#### Prompt:
The text of every record, exactly as given and with no pictures, should be your output.

#### Data for processing:
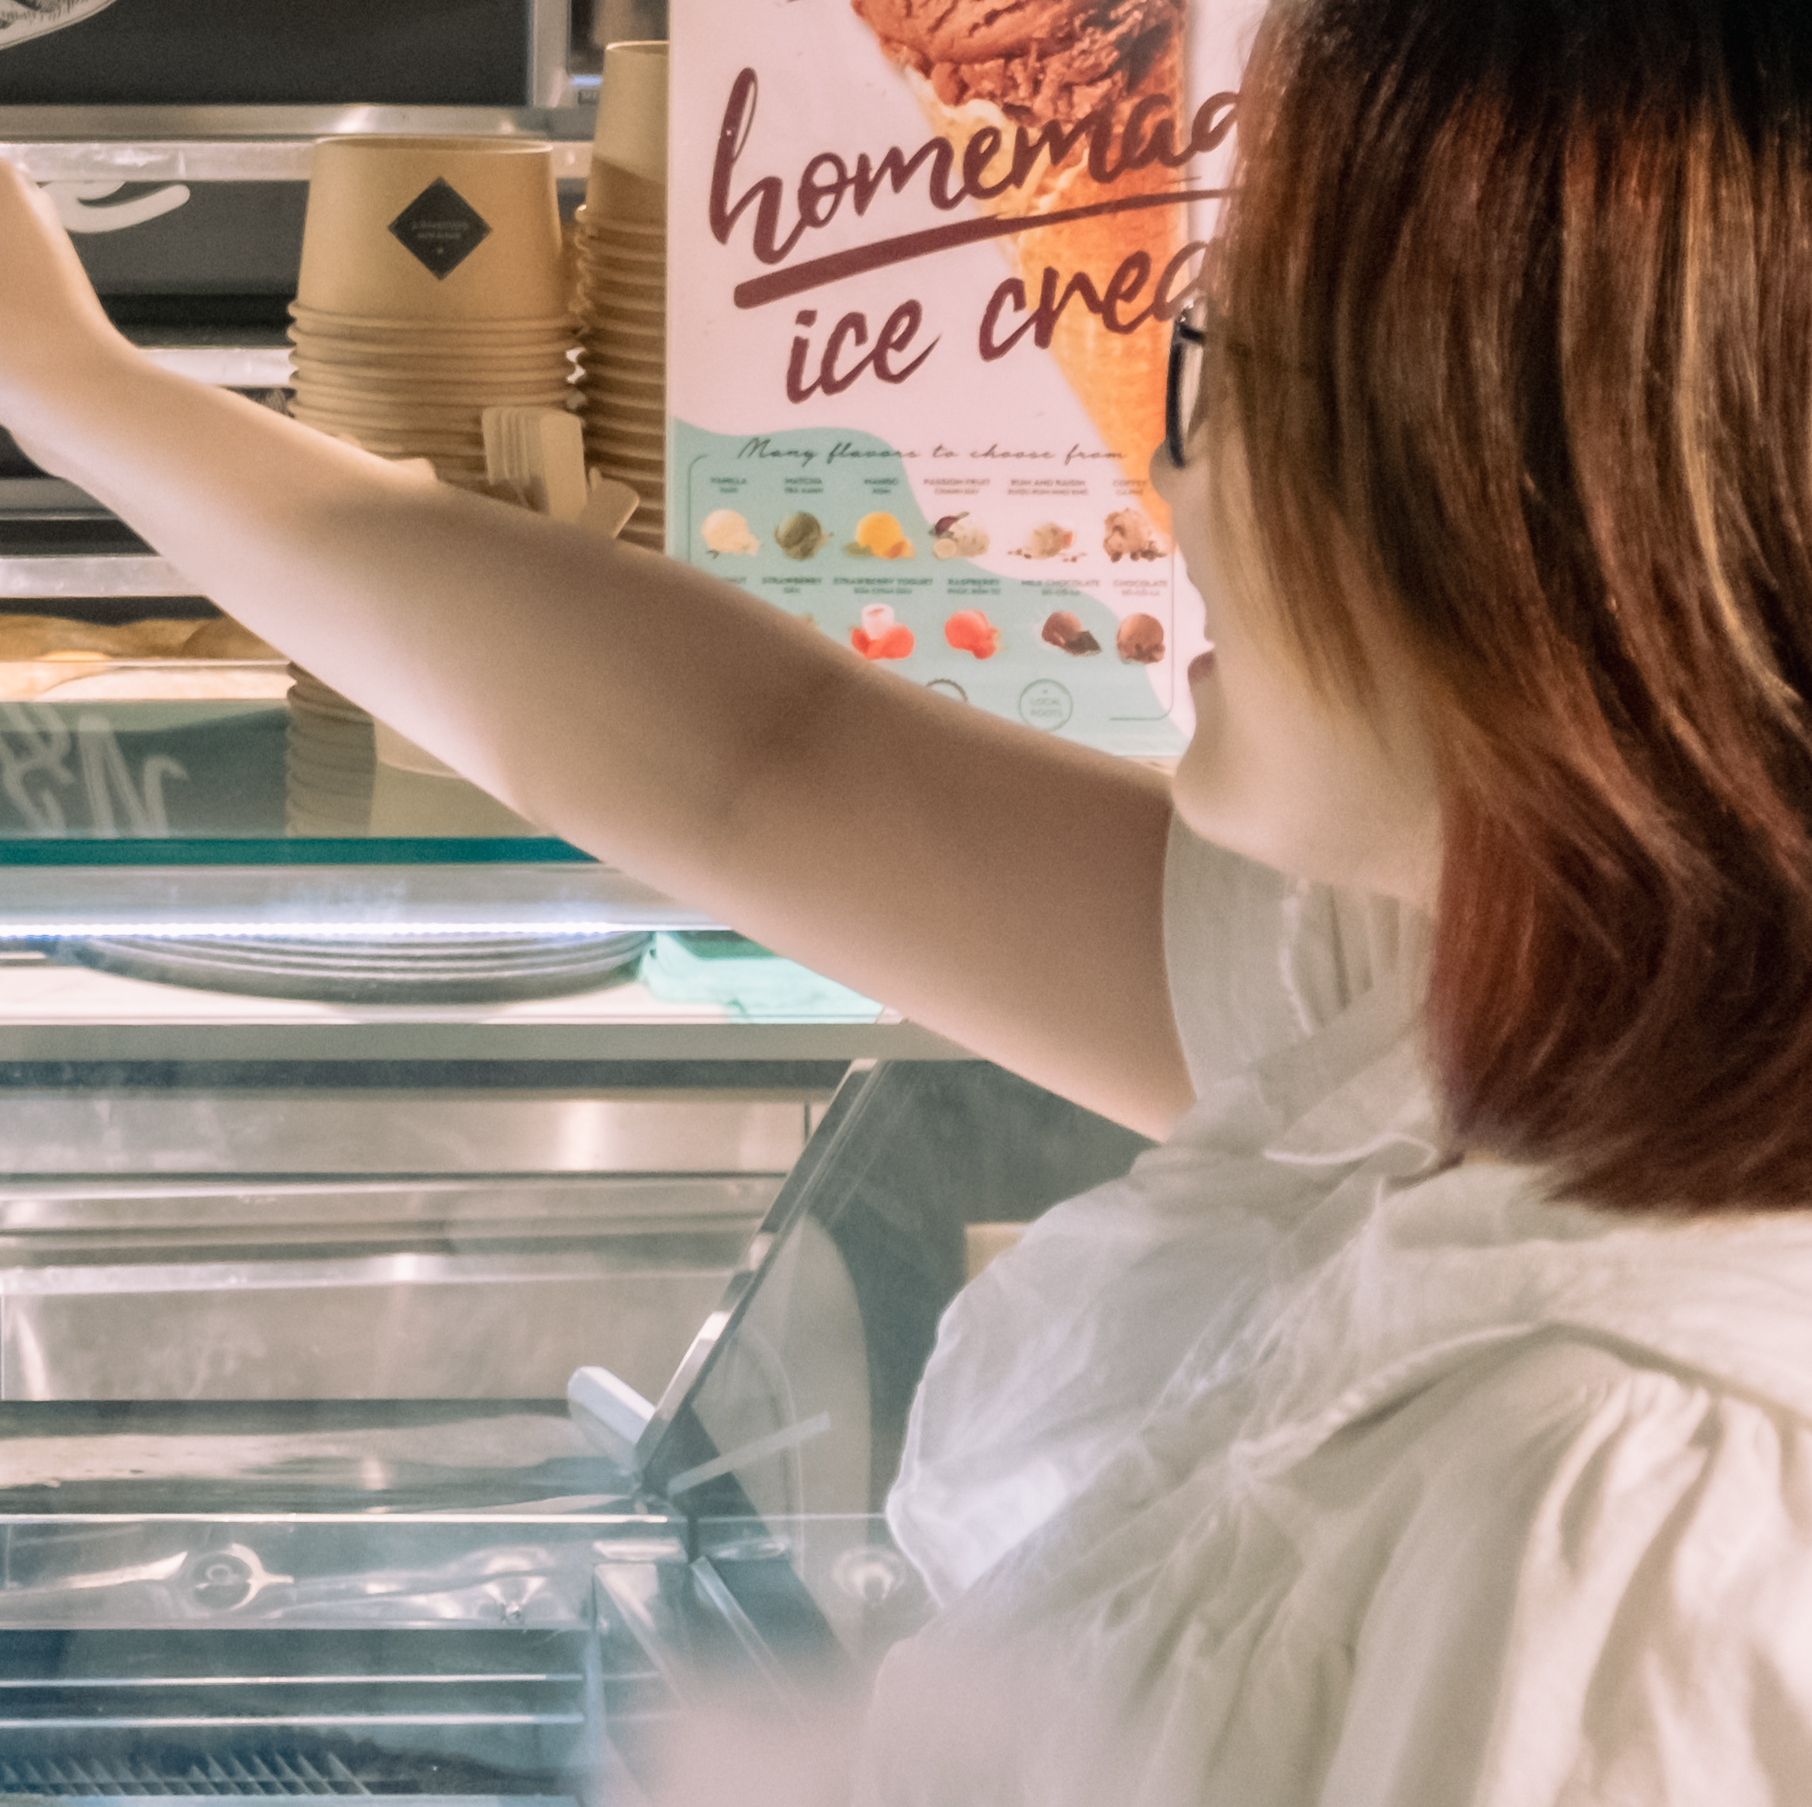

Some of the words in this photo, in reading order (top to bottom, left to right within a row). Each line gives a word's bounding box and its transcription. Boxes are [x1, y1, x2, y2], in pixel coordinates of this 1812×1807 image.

[707, 67, 1241, 264] homema
[784, 299, 942, 405] ice
[977, 240, 1215, 361] crea
[737, 437, 818, 468] Many
[826, 442, 921, 465] flavors
[931, 444, 959, 459] to
[970, 443, 1057, 459] choose
[1063, 443, 1127, 467] from

#### Exercise answer:
Some of the words in this photo, in reading order (top to bottom, left to right within a row). Each line gives a word's bounding box and its transcription. Boxes are [x1, y1, x2, y2], in pixel coordinates of this 1812×1807 image.

[707, 67, 1241, 264] homema
[784, 299, 942, 405] ice
[977, 240, 1215, 361] crea
[737, 437, 818, 468] Many
[826, 442, 921, 465] flavors
[931, 444, 959, 459] to
[970, 443, 1057, 459] choose
[1063, 443, 1127, 467] from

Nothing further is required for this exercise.